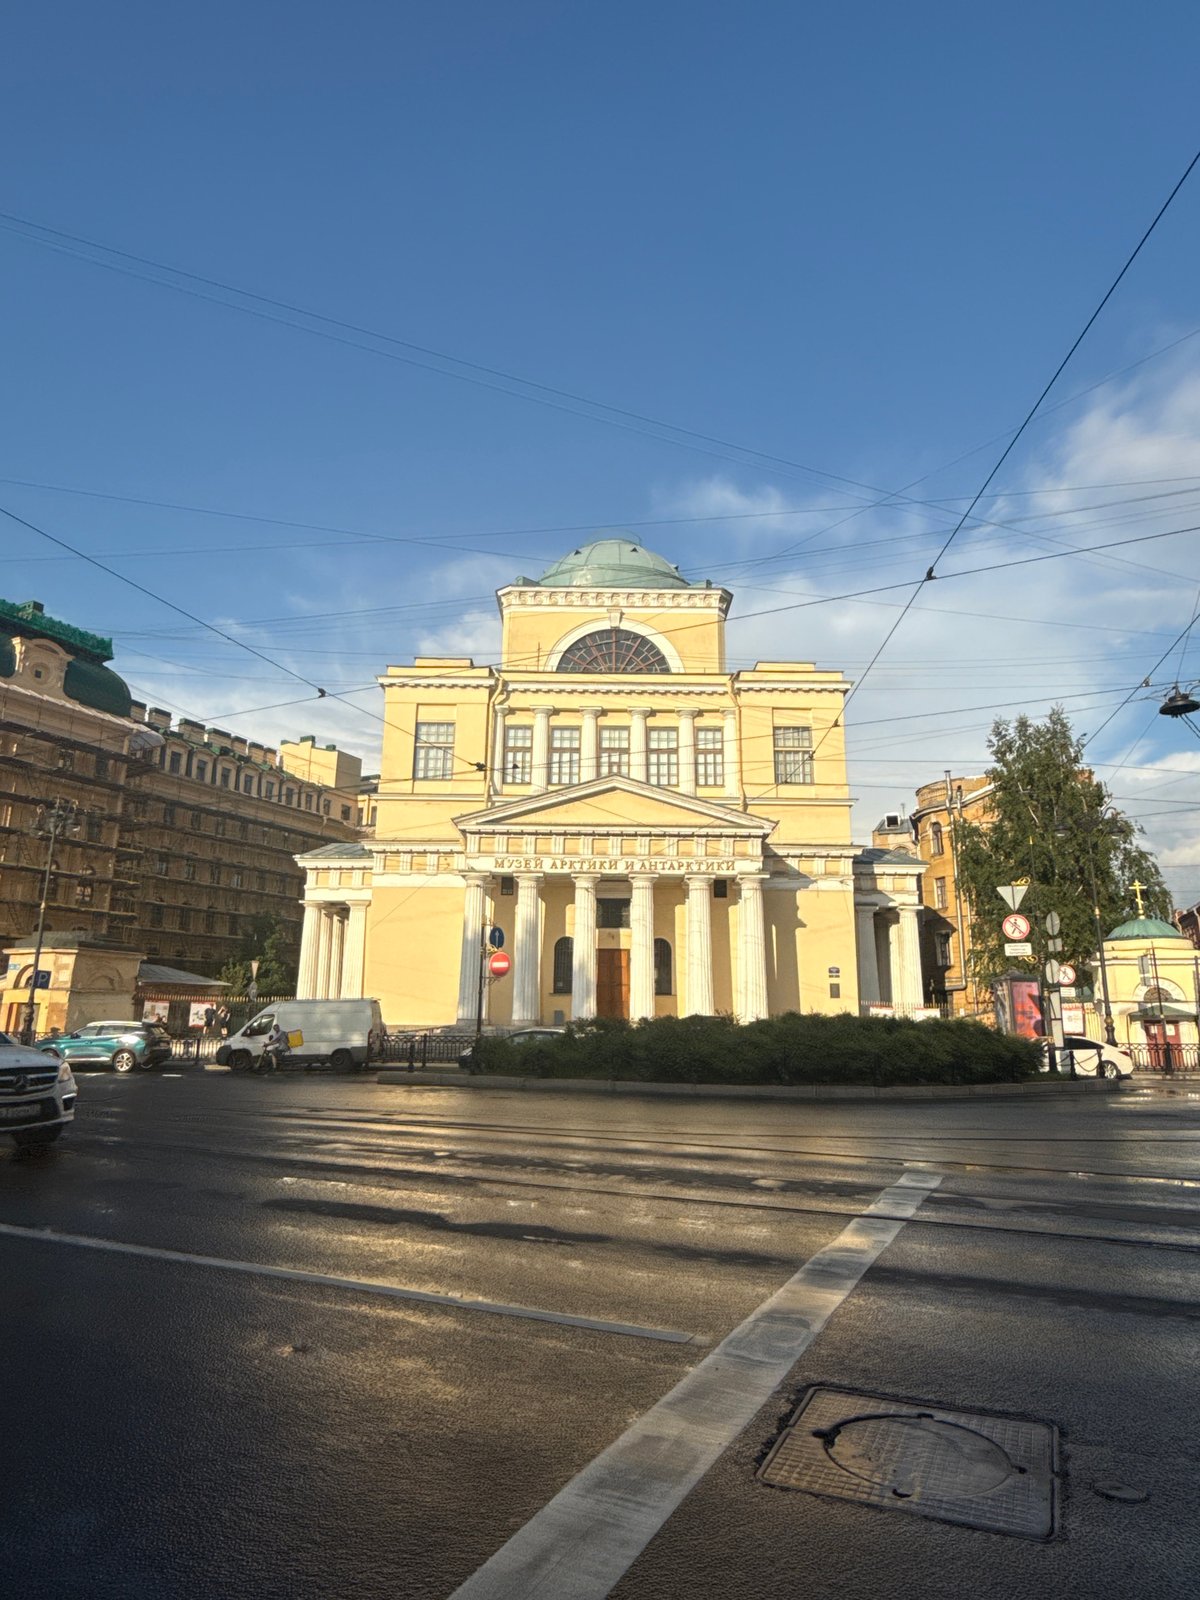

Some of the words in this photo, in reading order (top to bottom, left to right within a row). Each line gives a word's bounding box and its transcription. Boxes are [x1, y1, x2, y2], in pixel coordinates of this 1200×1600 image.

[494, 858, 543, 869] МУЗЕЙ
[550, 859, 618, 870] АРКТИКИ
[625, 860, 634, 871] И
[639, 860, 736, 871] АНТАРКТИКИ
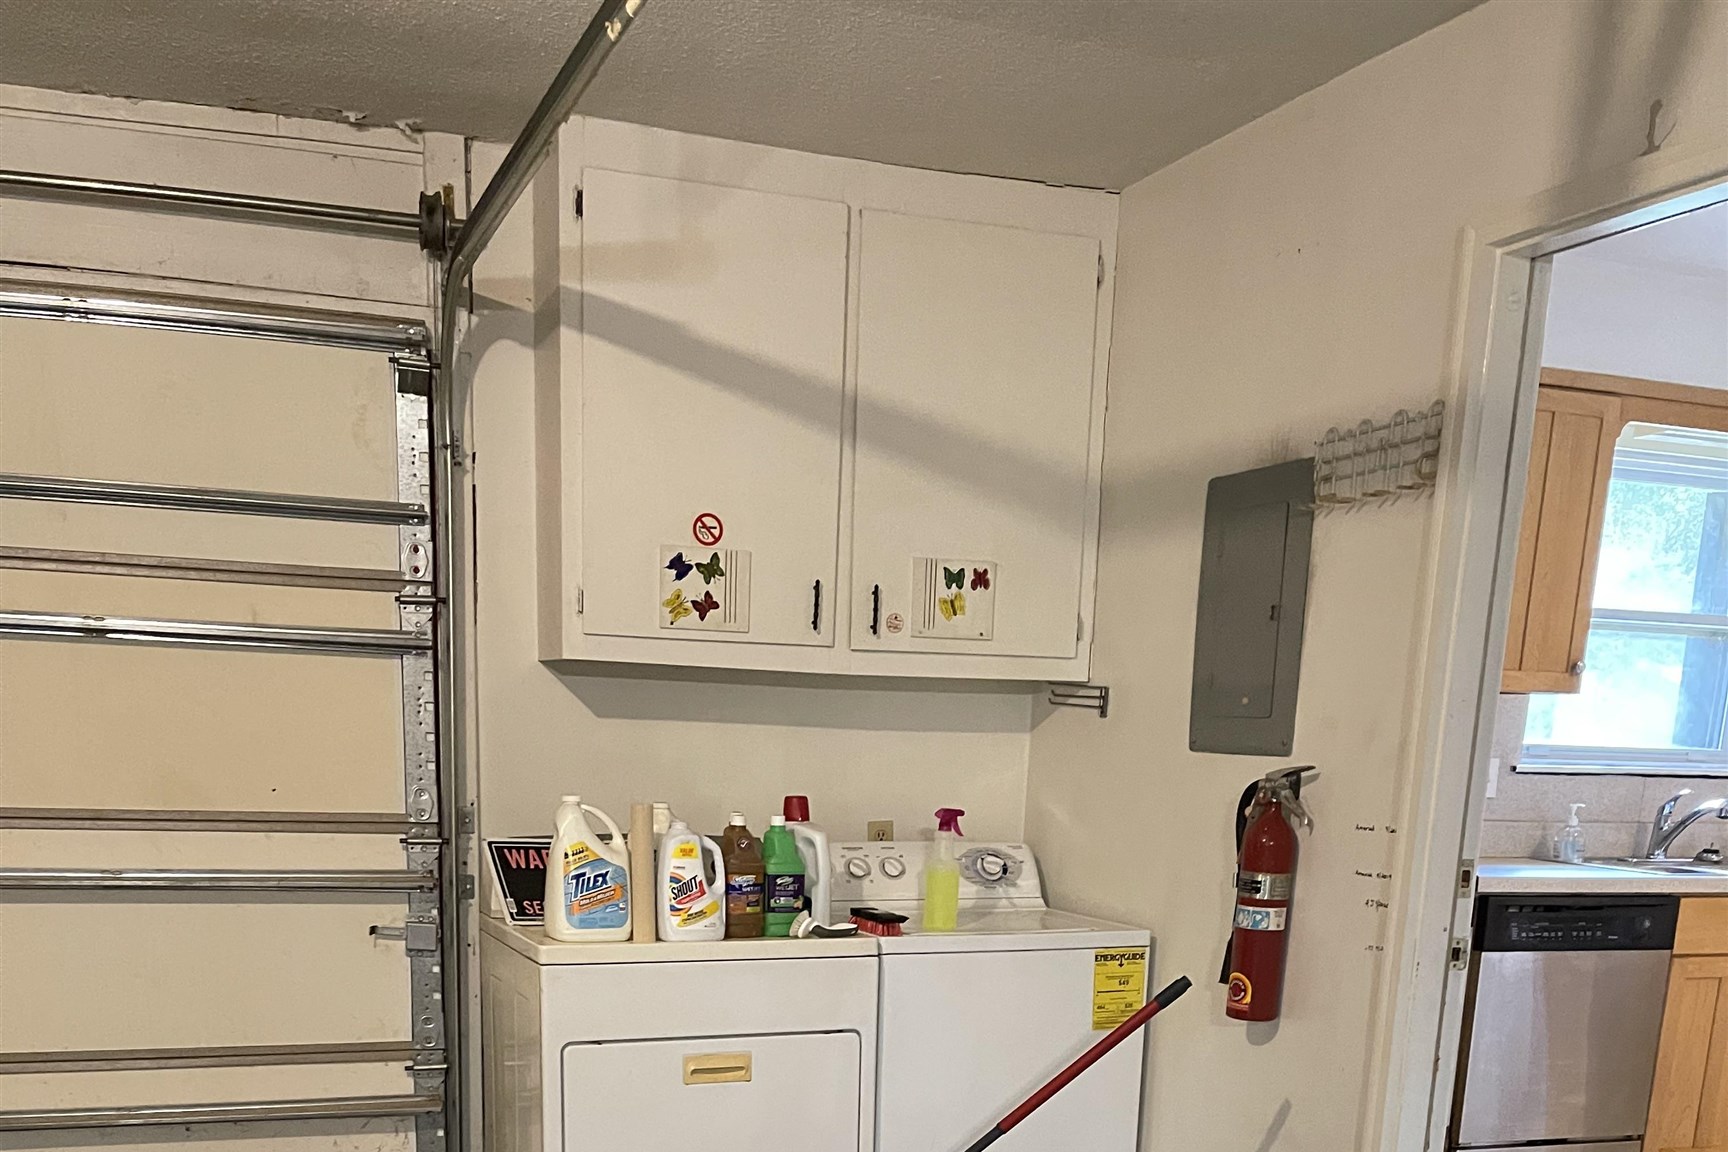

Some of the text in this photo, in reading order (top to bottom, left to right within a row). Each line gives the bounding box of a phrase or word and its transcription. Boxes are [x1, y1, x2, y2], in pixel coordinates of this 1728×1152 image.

### [YOUR TASK]
Repeat the preceding records exactly but drop the images.

### [WRITTEN RESPONSE]
Some of the words in this photo, in reading order (top to bottom, left to right within a row). Each line gives a word's bounding box and its transcription. Boxes are [x1, y1, x2, y2], in pixel coordinates of this 1200×1600 image.

[494, 858, 543, 869] МУЗЕЙ
[550, 859, 618, 870] АРКТИКИ
[625, 860, 634, 871] И
[639, 860, 736, 871] АНТАРКТИКИ

Some of the text in this photo, in reading order (top to bottom, left to right within a row). Each line gives the bounding box of a phrase or word and its transcription. Boxes are [x1, y1, x2, y2], in pixel coordinates of this 1728×1152 image.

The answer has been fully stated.